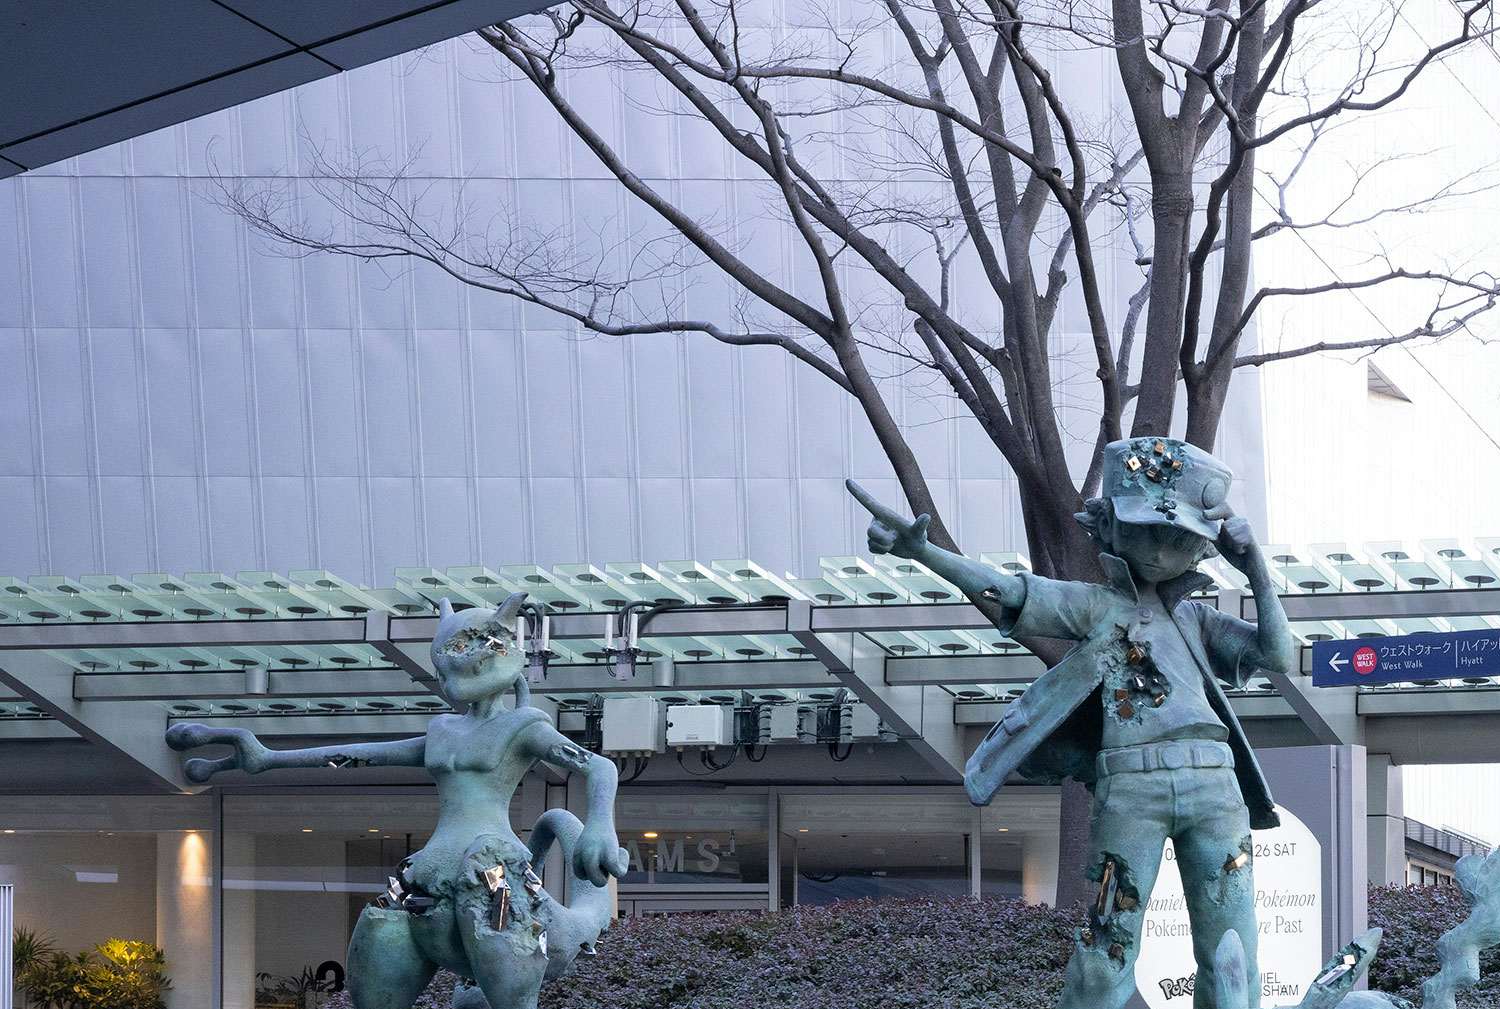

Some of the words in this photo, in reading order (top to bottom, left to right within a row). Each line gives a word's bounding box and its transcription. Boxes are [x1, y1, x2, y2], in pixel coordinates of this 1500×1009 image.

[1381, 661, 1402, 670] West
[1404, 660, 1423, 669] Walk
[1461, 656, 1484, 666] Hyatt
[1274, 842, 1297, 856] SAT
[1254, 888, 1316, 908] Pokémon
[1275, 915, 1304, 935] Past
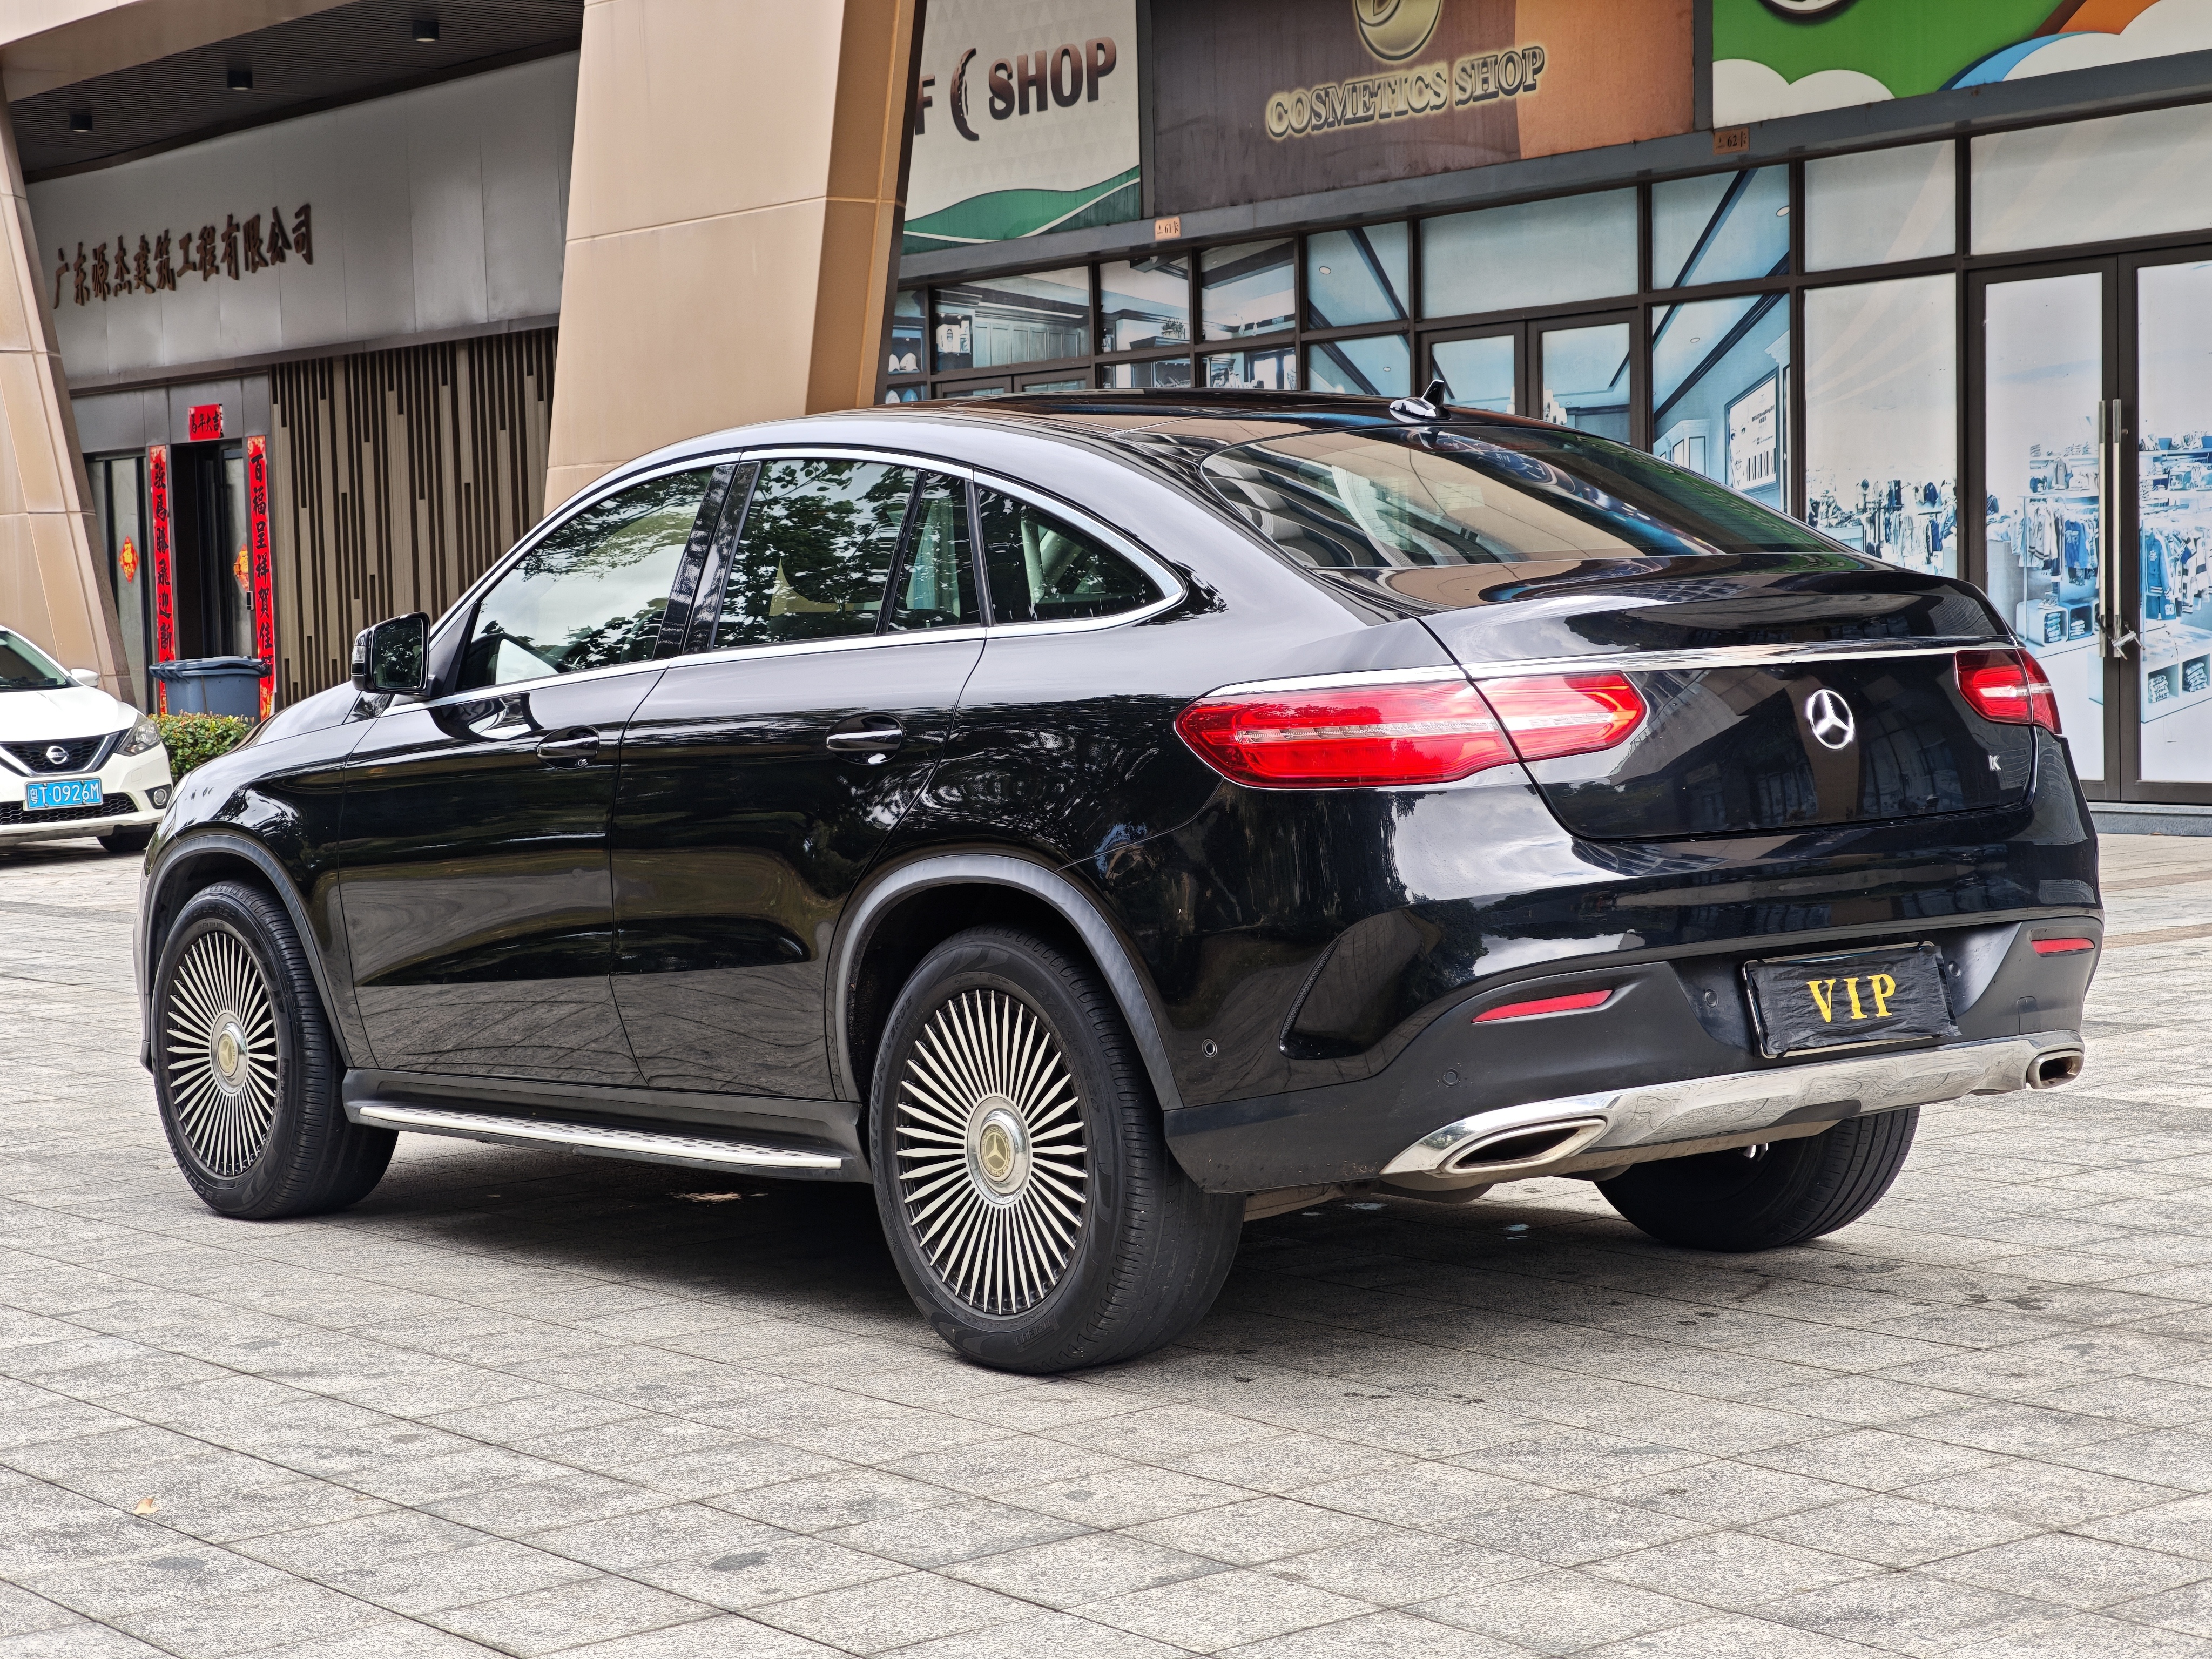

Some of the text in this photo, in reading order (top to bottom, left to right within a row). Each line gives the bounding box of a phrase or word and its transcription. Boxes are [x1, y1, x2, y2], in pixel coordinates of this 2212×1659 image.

⁂

## ASSIGNMENT
The records above should be copied word for word, with the pictures left out.

## SOLUTION FOR THIS TASK
Some of the words in this photo, in reading order (top to bottom, left to right within a row). Each line gives a word's bounding box and its transcription. Boxes are [x1, y1, x2, y2], in pixel coordinates of this 1500×1009 image.

[1381, 661, 1402, 670] West
[1404, 660, 1423, 669] Walk
[1461, 656, 1484, 666] Hyatt
[1274, 842, 1297, 856] SAT
[1254, 888, 1316, 908] Pokémon
[1275, 915, 1304, 935] Past

Some of the text in this photo, in reading order (top to bottom, left to right within a row). Each line gives the bounding box of a phrase or word and its transcription. Boxes are [x1, y1, x2, y2], in pixel coordinates of this 2212×1659 image.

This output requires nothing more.